PCI costs are heavily reliant on the security measures already in place before compliance efforts begin. Gartner estimates that Level 1 merchants—those processing more than six million credit card transactions a year—have spent about $568,000 on average to meet PCI standards (for more on PCI levels, see “PCI’s Big Umbrella,” p.32). Javelin estimates that 30 percent to 40 percent of PCI compliance spending is dedicated to reprocessing and re-engineering a merchant’s security infrastructure and determining where sensitive data is being stored. Documenting compliance efforts and security measures alone consume much of the cost.

“If you have a basic information security program in place, broadly speaking, you’re following what PCI says you ought to be doing, because you’ve got [a set] of good procedures,” says Michael Barrett, chief information security officer at online payment service PayPal, a division of eBay. “Passing PCI is mostly a question of demonstrating compliance. So it’s mostly fishing out documentation and making sure that when your operations people run quarterly scans, they keep those logs so you can later show them to the auditors.”

This was the case for Hughes Network Systems, which acts as a managed-services provider for BP Corp. North America, Blockbuster, Yum! Brands and other major merchant brands. Hughes’ clients demanded the provider adopt PCI standards to ensure their own compliance.
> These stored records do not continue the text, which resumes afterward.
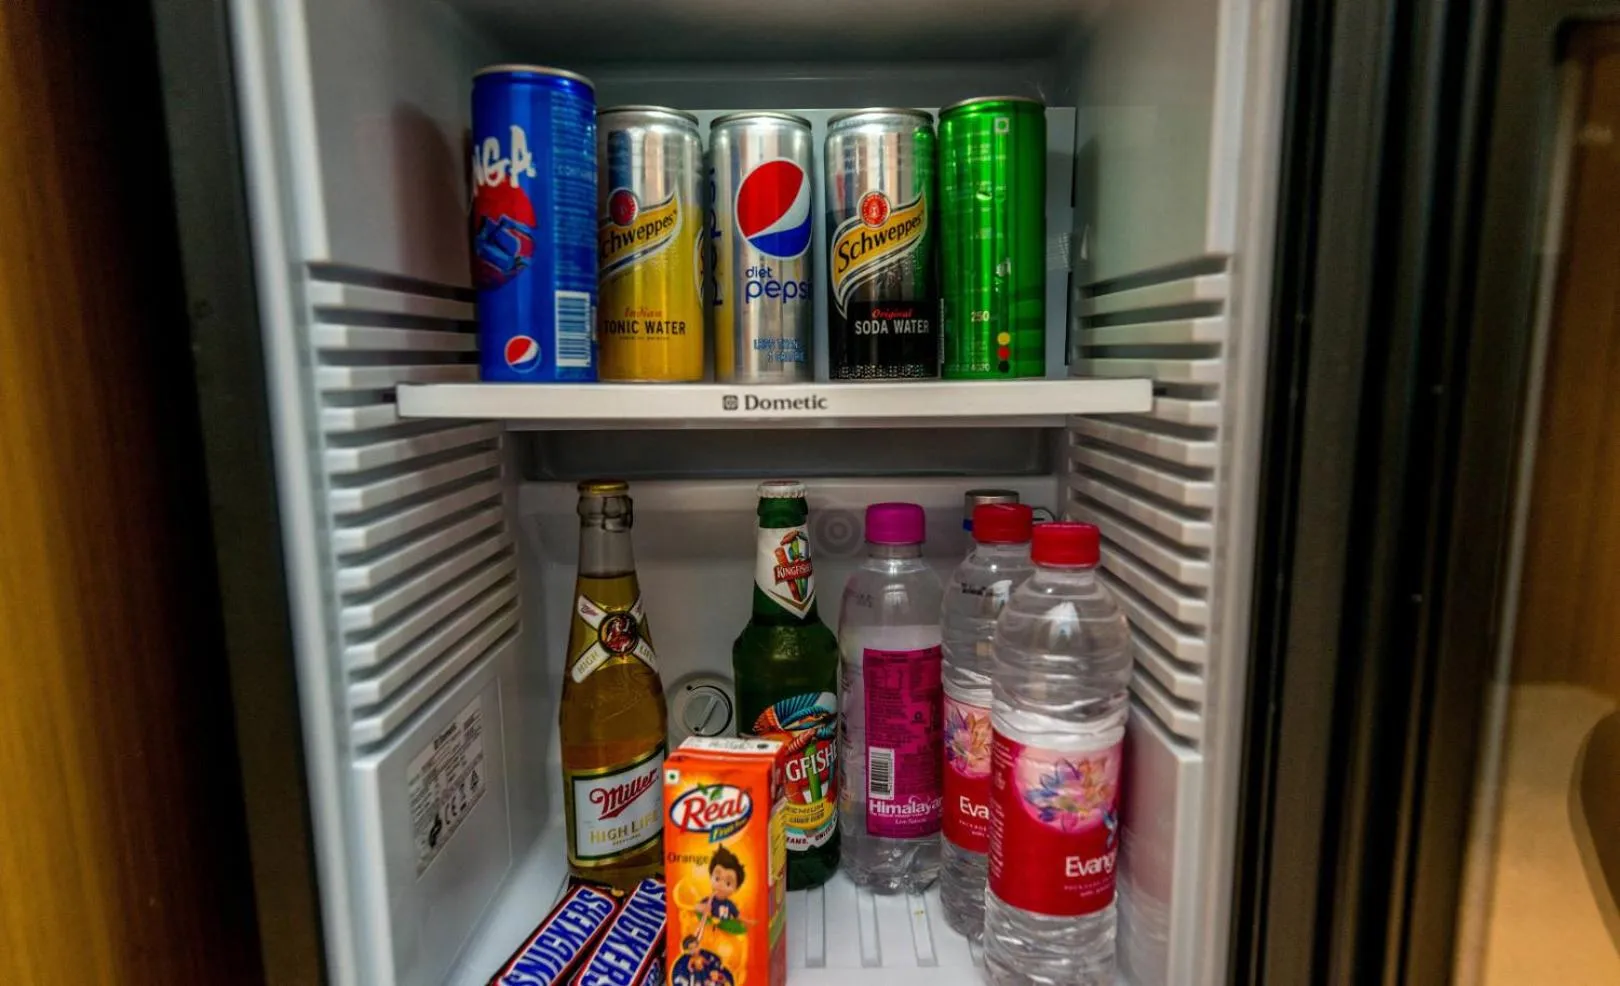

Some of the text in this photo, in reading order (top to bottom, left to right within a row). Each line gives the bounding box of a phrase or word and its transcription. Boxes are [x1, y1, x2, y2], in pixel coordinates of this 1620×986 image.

[600, 213, 674, 259] chweppes
[838, 213, 922, 273] Schweppes
[745, 265, 773, 279] diet
[745, 280, 812, 305] peps
[871, 307, 913, 320] Original
[603, 320, 687, 335] TONIC WATER
[855, 319, 930, 335] SODA WATER
[744, 394, 829, 411] Dometic
[589, 767, 660, 821] Miller
[680, 789, 744, 833] Real
[590, 824, 628, 845] HIGH
[631, 809, 659, 833] LIFE
[666, 851, 709, 867] Orange
Much of Hughes’ security infrastructure was already compliant, but certain tweaks needed to be made with transport encryption over untrusted, public networks, says Matt Kenyon, the company’s senior director of network operations and security.

“From the main front-door security, if you will, it didn’t change much,” Kenyon says. “But PCI has some specific mandates about encryption on the actual transport. So we added some new architectures to put further encryption on top of what we already had, and on our base transport, to get up to spec on compliance.”

Beyond that, the most resource-intensive part of complying was getting ready for the auditors, a process for which Hughes enlisted the help of IBMsecurity consultants.

“We already had documents and policies and procedures,” Kenyon says, “but in order to get through the PCI compliance, what IBMhelped us with was putting that into a language that somebody outside of our own organization understands. And so it makes the compliance auditing process much easier.”

Even with security methods already in place, many organizations have still needed to make major infrastructure changes to meet specific PCI standards. For example, Bwin, a European gambling site, had to rebuild its payment infrastructure to more cleanly organize and segment it from the rest of Bwin’s systems. It was an intensive 10-month process.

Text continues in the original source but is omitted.